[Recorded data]
☆ ☆ ☆ ☆ ☆ ☆ ☆

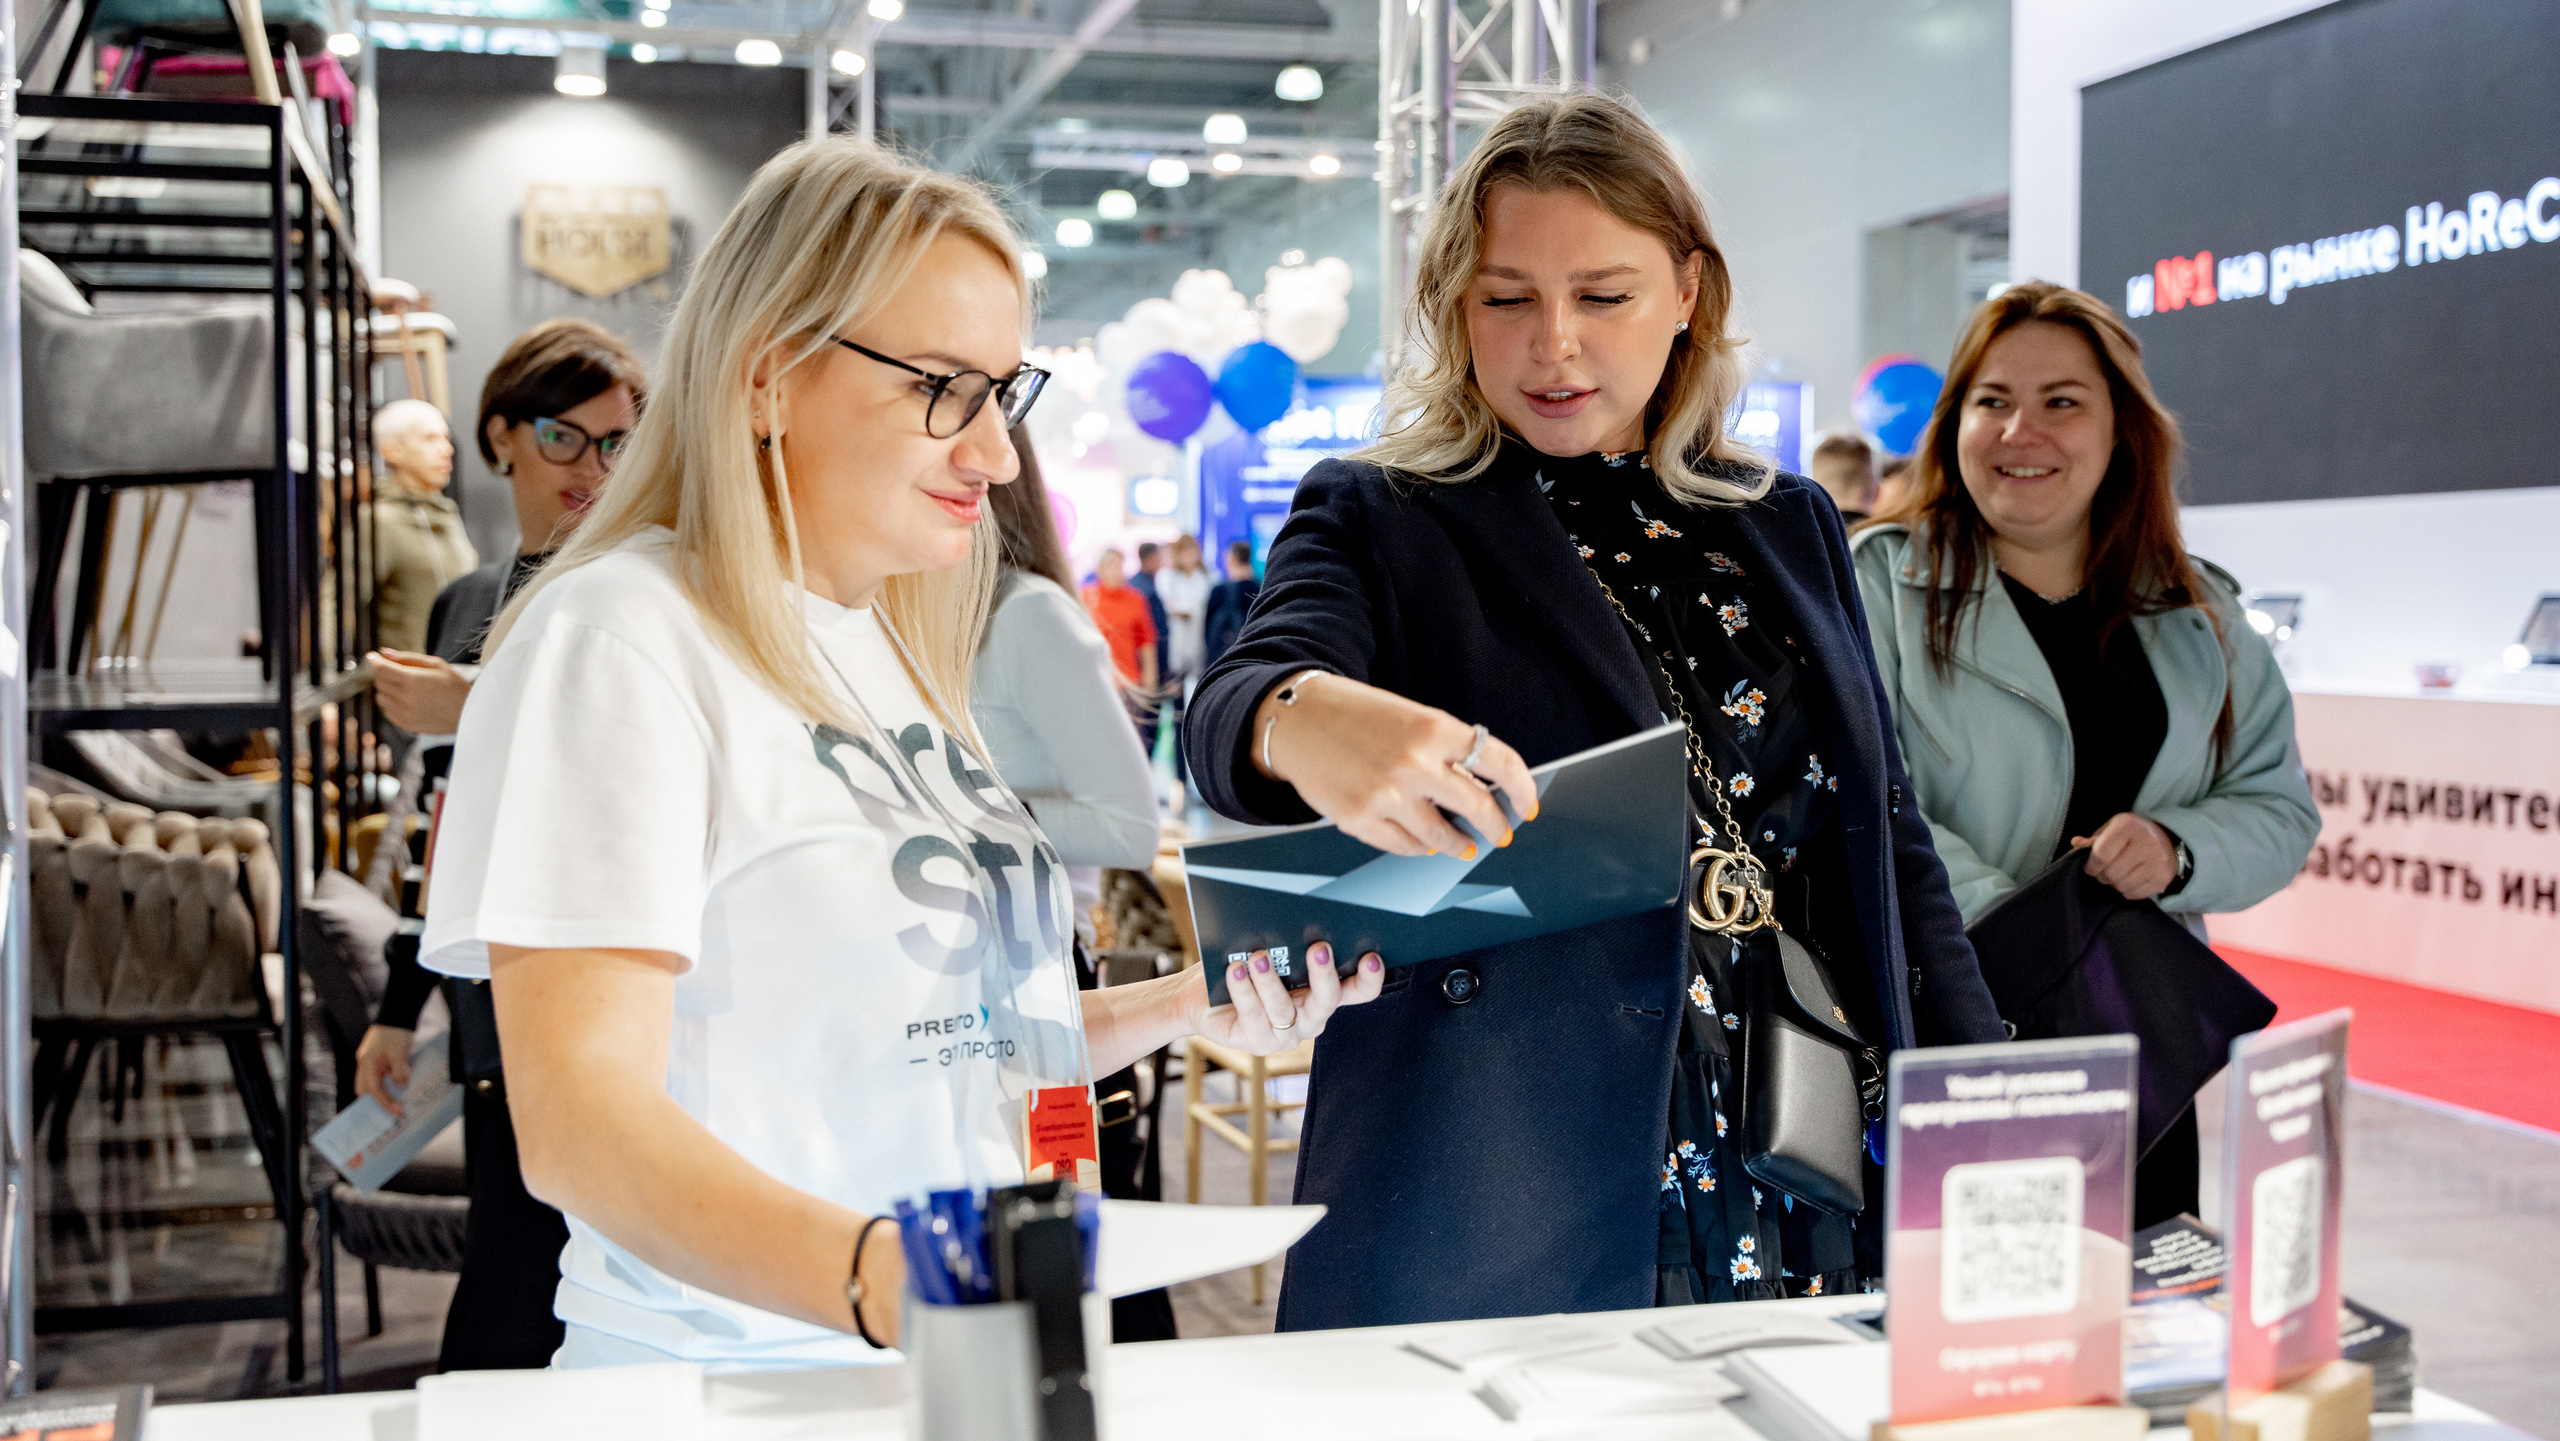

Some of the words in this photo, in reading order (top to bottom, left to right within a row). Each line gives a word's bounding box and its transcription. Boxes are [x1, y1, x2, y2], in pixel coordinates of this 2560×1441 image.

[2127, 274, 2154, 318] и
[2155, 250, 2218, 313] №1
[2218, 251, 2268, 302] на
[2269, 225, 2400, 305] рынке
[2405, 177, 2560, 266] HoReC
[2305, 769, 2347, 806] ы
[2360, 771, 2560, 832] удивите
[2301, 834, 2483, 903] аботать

☆ ☆ ☆ ☆ ☆ ☆ ☆

* Task description
Every entry must be transcribed exactly. Pictures do not belong in the copy.

* Written solution
Some of the words in this photo, in reading order (top to bottom, left to right within a row). Each line gives a word's bounding box and its transcription. Boxes are [x1, y1, x2, y2], in pixel coordinates of this 2560×1441 image.

[2127, 274, 2154, 318] и
[2155, 250, 2218, 313] №1
[2218, 251, 2268, 302] на
[2269, 225, 2400, 305] рынке
[2405, 177, 2560, 266] HoReC
[2305, 769, 2347, 806] ы
[2360, 771, 2560, 832] удивите
[2301, 834, 2483, 903] аботать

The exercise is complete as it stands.